2019-11-14T18:16:53.470Z


Daimler CEO Ola Källenius wants to save billions and cancel jobs. But what he specifically wants to achieve, he does not say. A clear course and a bit more courage would be sorely needed.



What a signal. On Wednesday, Tesla CEO Elon Musk announces the construction of a large factory for his electric cars in Berlin. Up to 10,000 jobs are to be created.

Not 48 hours later, Daimler CEO Ola Källenius promises investors and analysts in London to save more than 1.4 billion euros in costs. He wants to reduce jobs and cut back investments on a large scale.

The timing is coincidence, and the two announcements do not mark the rise of Tesla on the automobile Olympus, nor the demise of Daimler, the icon of the German car industry. But Musk's casually thrown ambitions make the misery in which Källenius is involved with Daimler even clearer.

For too long rested on successes

In ordinary times, one would have ticked off Källenius' savings announcements probably with a shrug, as what makes a new CEO in the first month just like that: It points out that not all was gold, what the predecessor has sold so brilliantly, then to clean up, costs to lower and - if it works - later to stand even more radiant.

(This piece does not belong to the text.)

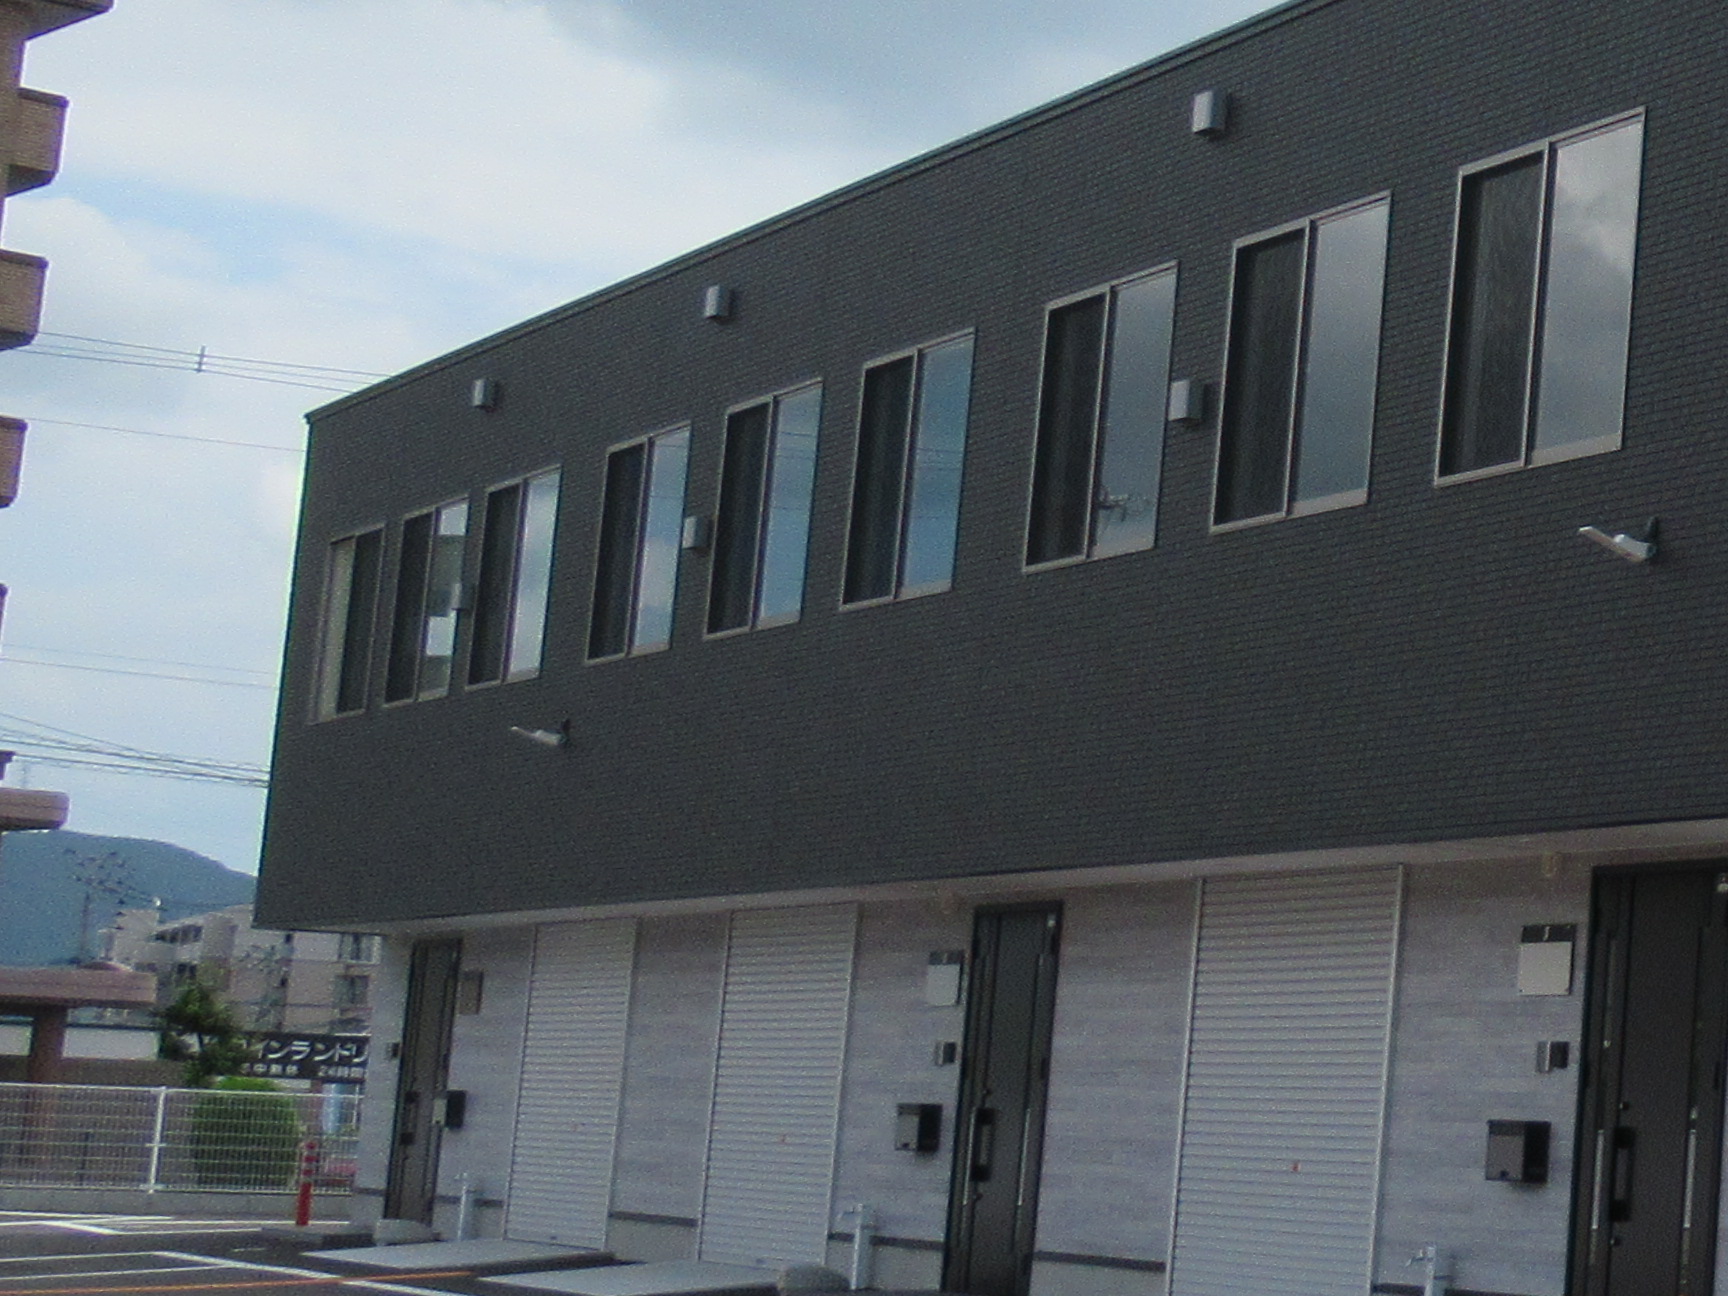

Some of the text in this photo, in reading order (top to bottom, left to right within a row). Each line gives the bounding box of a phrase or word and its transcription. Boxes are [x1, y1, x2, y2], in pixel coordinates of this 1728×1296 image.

[242, 1038, 368, 1063] インランドリ

Källenius issued profit warnings in the summer, and now blood, sweat and tears are following suit to get the company back on track.

But the times are not normal, the problems at Daimler go deep and in a phase in which electromobility, autonomous driving and digital networking, the car industry fundamentally change. Daimler is not prepared for this change. This is less Källenius than his predecessor Dieter Zetsche, although Källenius of course has to answer for the misery as a long-time board member.

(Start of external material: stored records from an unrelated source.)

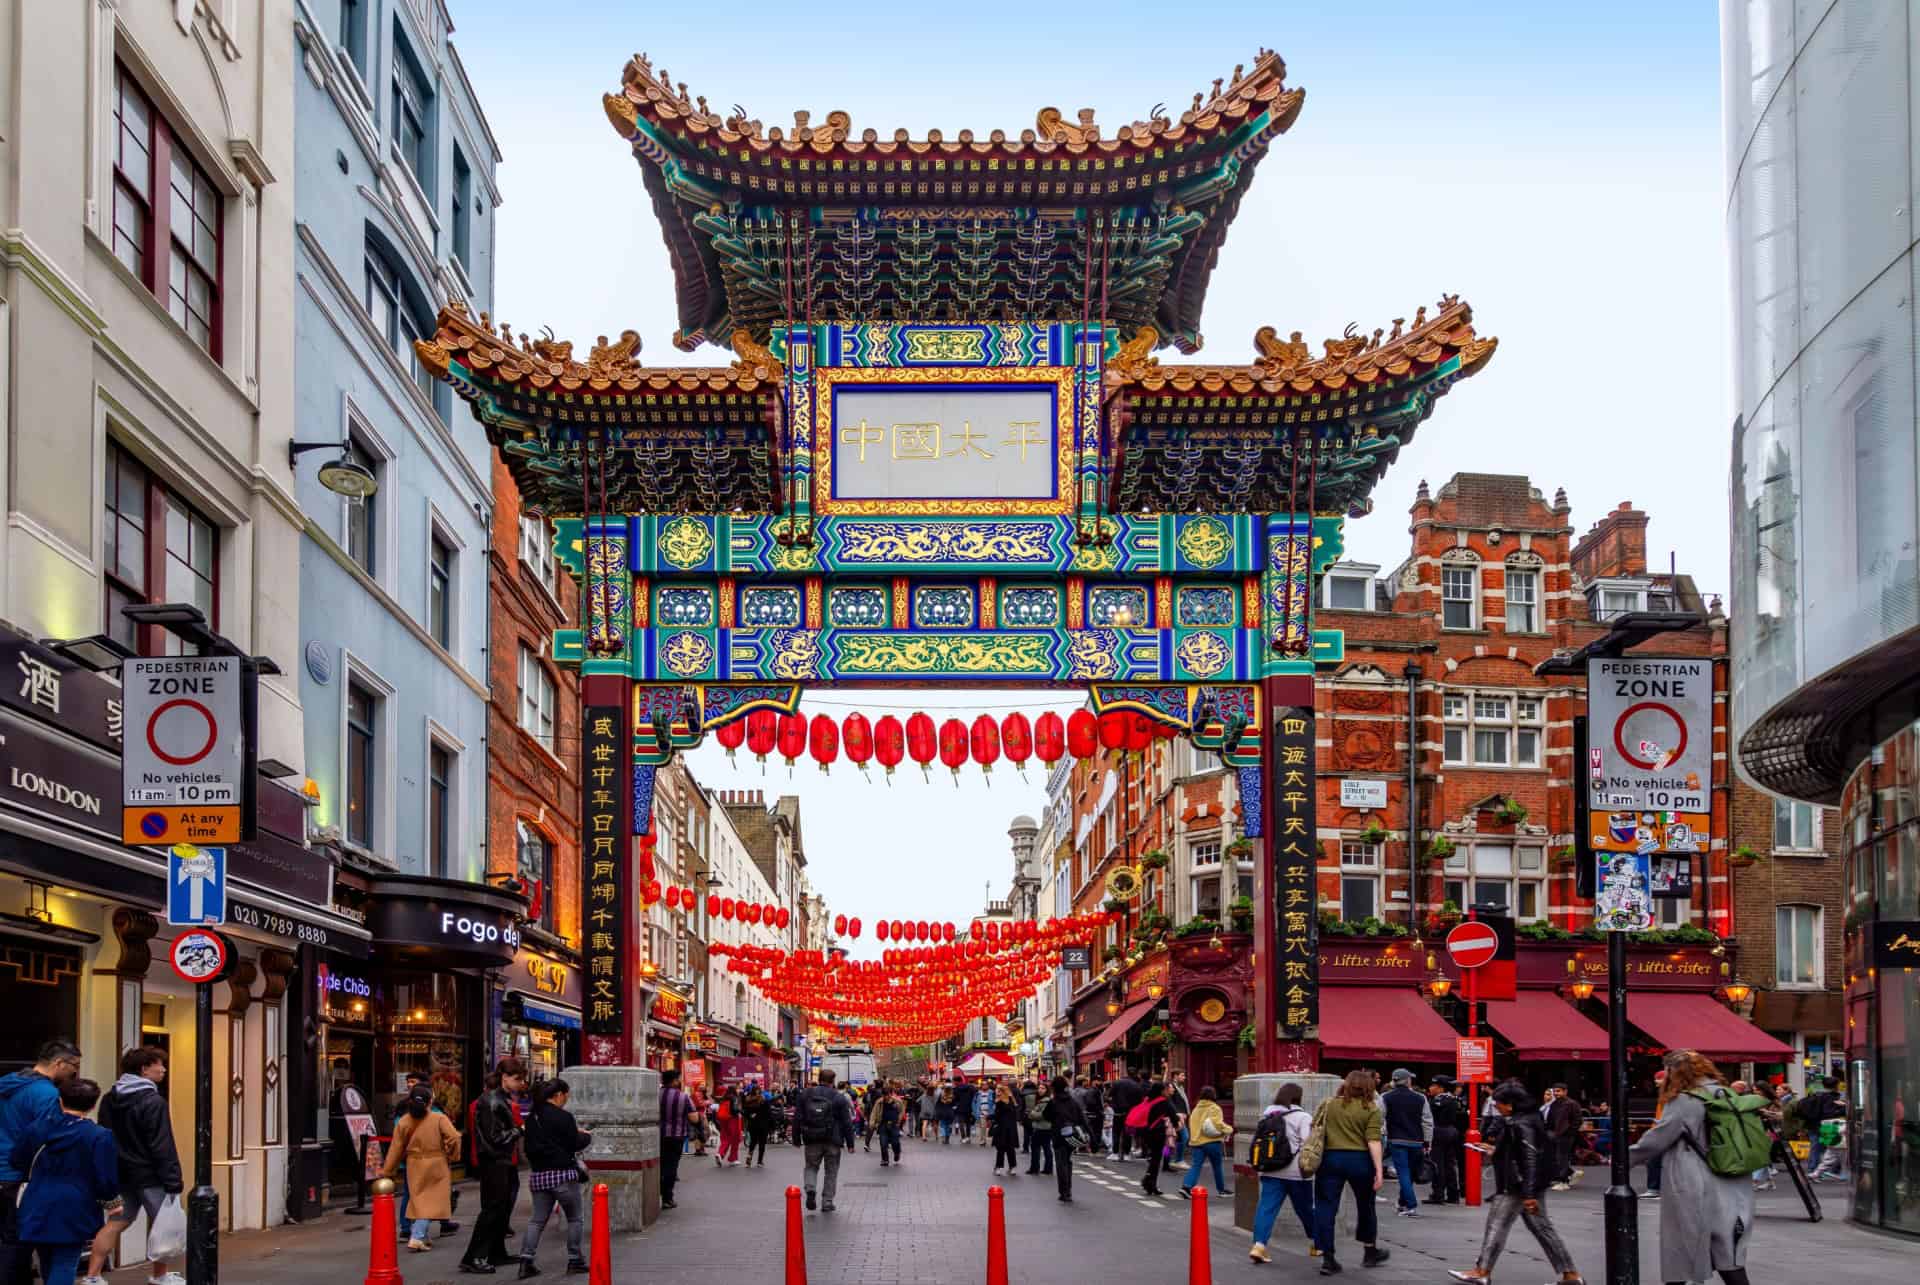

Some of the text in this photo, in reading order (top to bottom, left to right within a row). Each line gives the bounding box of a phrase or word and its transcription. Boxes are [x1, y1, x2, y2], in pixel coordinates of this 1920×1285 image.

[136, 662, 228, 673] PEDESTRIAN
[1602, 664, 1700, 676] PEDESTRIAN
[149, 678, 215, 694] ZONE
[1615, 680, 1686, 697] ZONE
[143, 773, 221, 783] No vehicles
[1610, 777, 1630, 788] No
[10, 767, 101, 815] LONDON
[130, 790, 140, 799] 11
[178, 787, 199, 799] 10
[204, 789, 230, 803] pm
[1597, 794, 1609, 803] 11
[1613, 795, 1632, 804] am
[1648, 793, 1668, 805] 10
[1674, 796, 1700, 808] pm
[180, 814, 223, 825] At any
[187, 826, 216, 837] time
[234, 905, 258, 926] 020
[263, 914, 293, 936] 7989
[298, 927, 327, 944] 8880
[442, 912, 498, 943] Fogo
[1069, 952, 1083, 961] 22
[528, 958, 545, 979] Old

In the era Dieter Zetsche, Daimler has rested too long on the successes that the Group had until 2015. Because car sales and profits increased for a long time, the managers from Stuttgart underestimated how quickly and how deeply the industry would change. In addition, more and more shows that not only VW, but also Daimler is deeply involved in the diesel exhaust affair. This will continue to burden the Group, not just financially.

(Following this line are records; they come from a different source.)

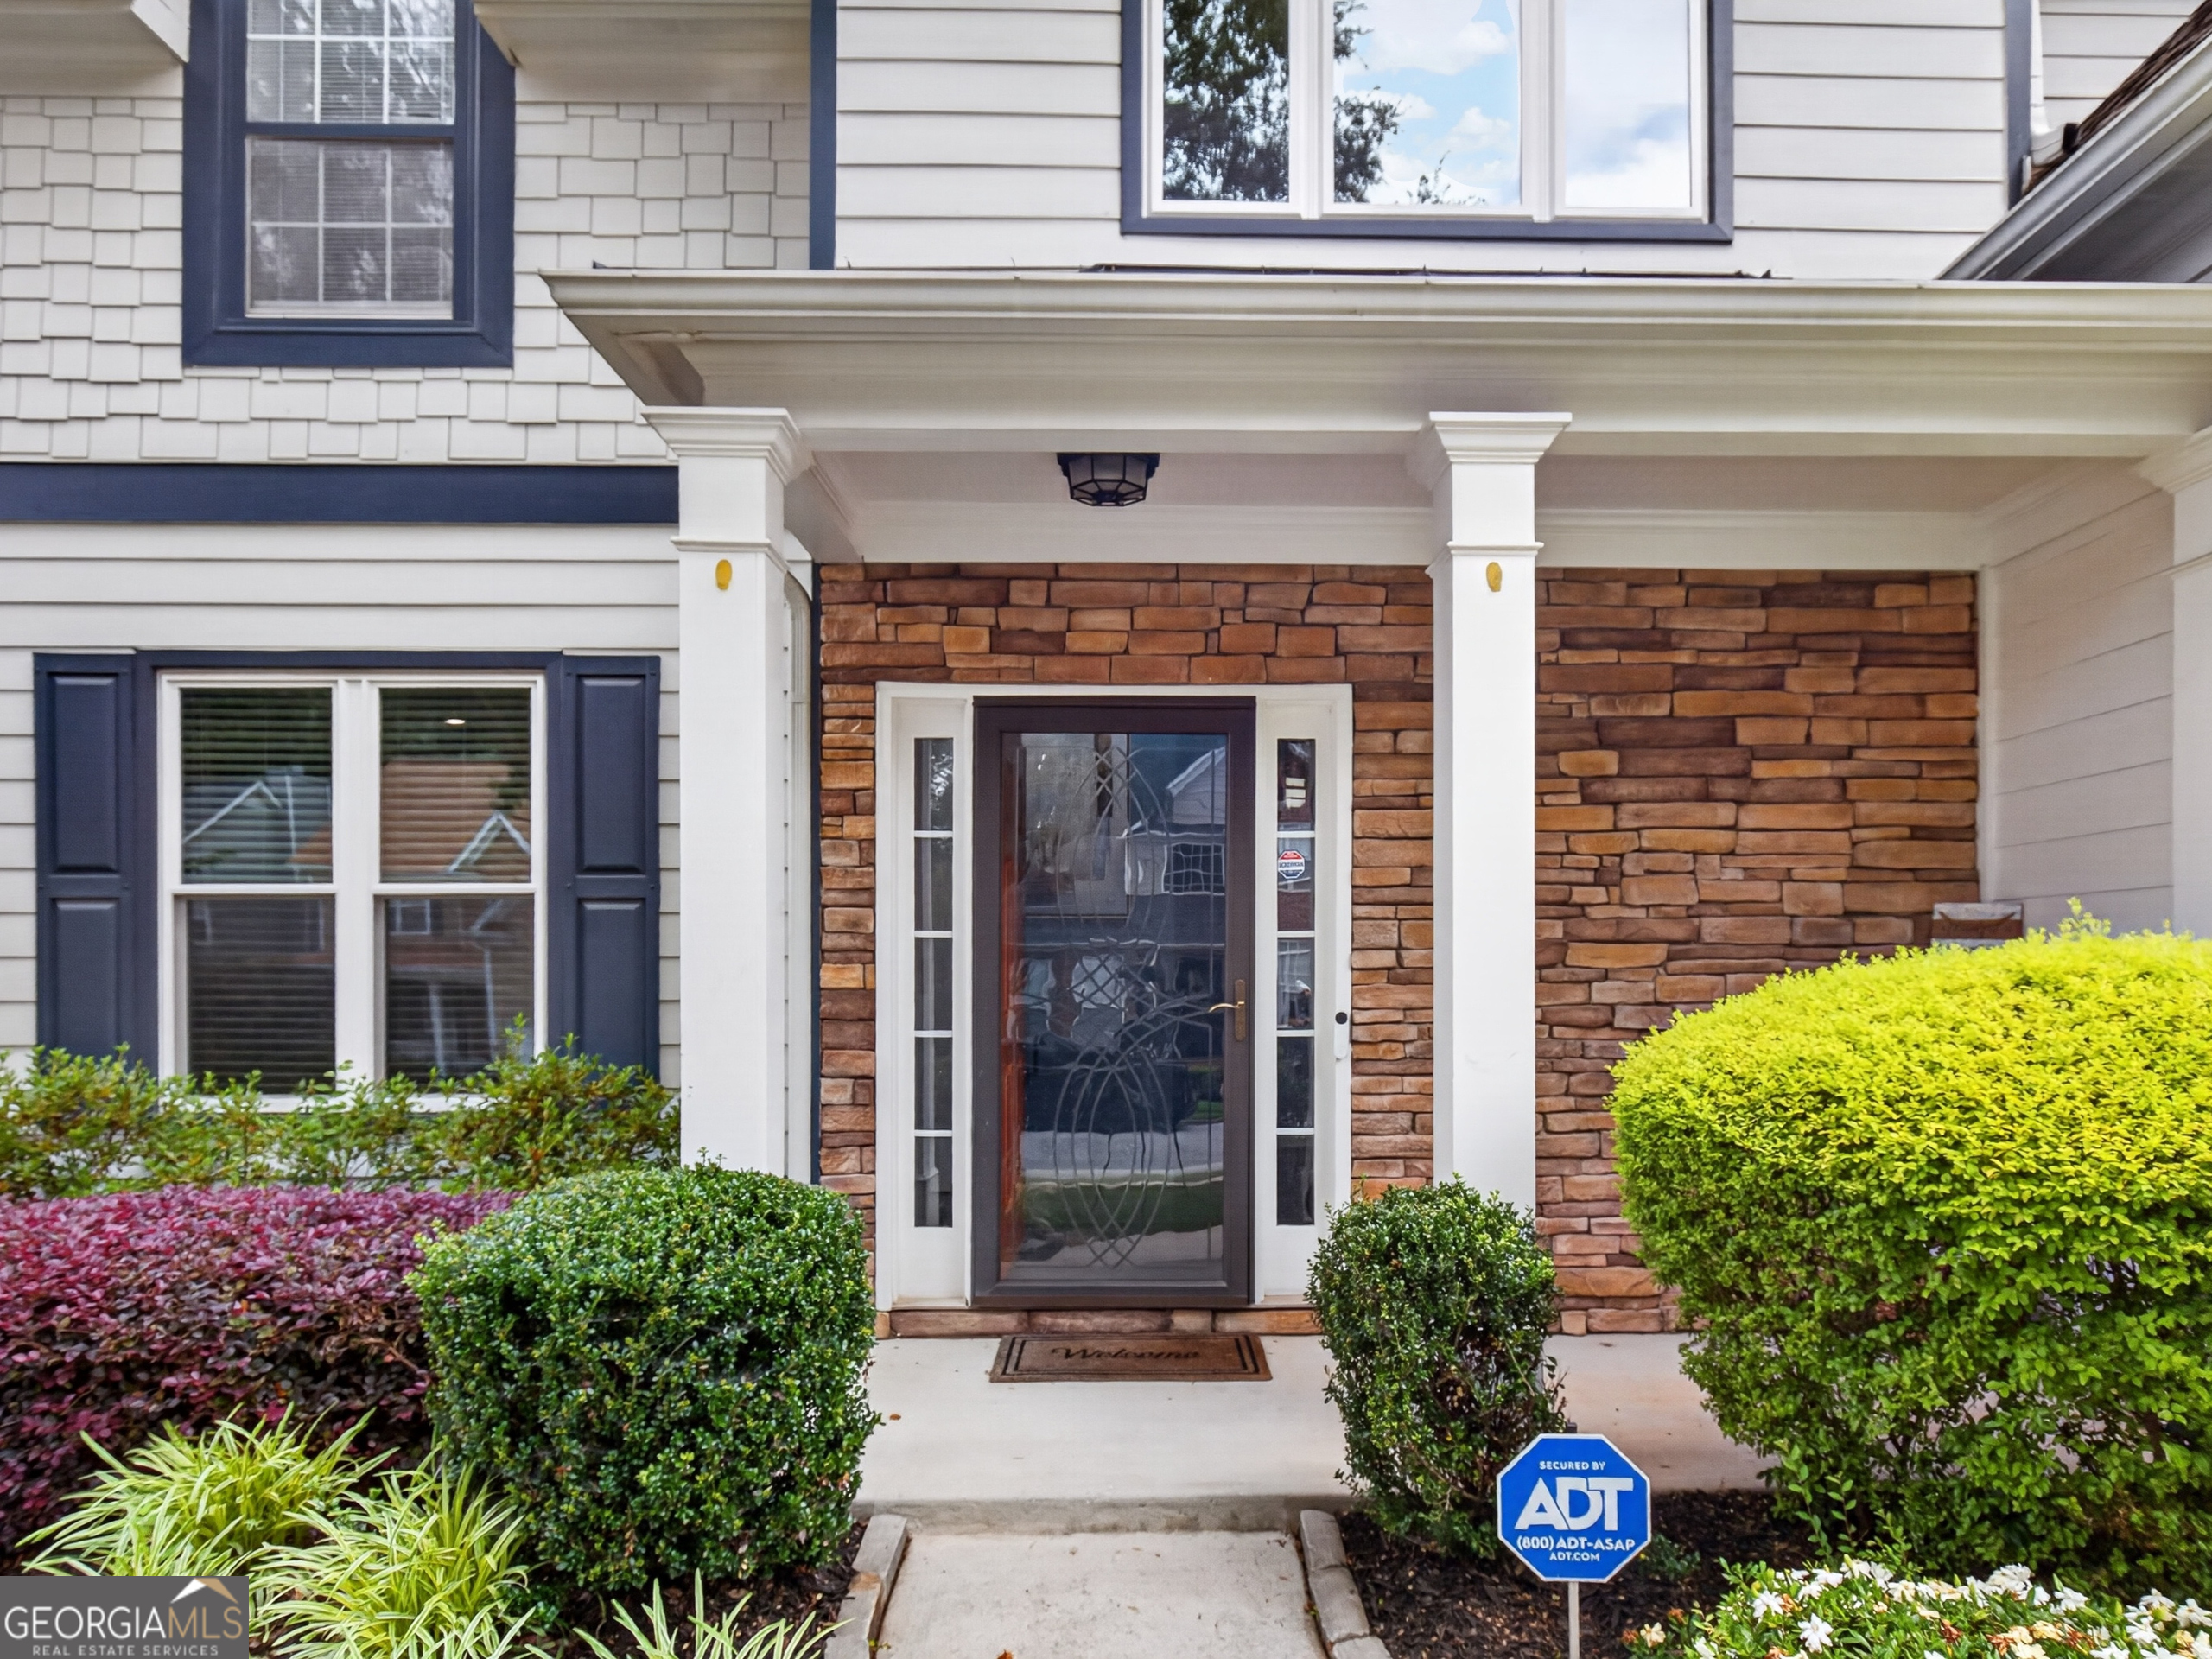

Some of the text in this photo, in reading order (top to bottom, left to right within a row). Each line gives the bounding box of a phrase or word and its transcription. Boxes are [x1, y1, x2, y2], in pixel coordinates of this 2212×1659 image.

[1052, 1346, 1201, 1361] Welcome
[1539, 1460, 1606, 1471] SECURED BY
[1514, 1477, 1634, 1531] ADT
[1516, 1535, 1636, 1551] (800) ADT-ASAP
[1549, 1552, 1600, 1561] ADT.COM

Now Källenius is under massive pressure from four directions.

  • Firstly, there are the new competitors such as Tesla and Waymo - the Google offshoot and specialist in autonomous driving - as well as Chinese competitors such as Geely. They attack with some aggressive strategies and take advantage of the opportunity offered by the switch from internal combustion engines to alternative drives such as battery and fuel cell. Here the market is not yet distributed, the old achievements of German manufacturers count little. Most electric cars currently sell Tesla and Chinese suppliers worldwide.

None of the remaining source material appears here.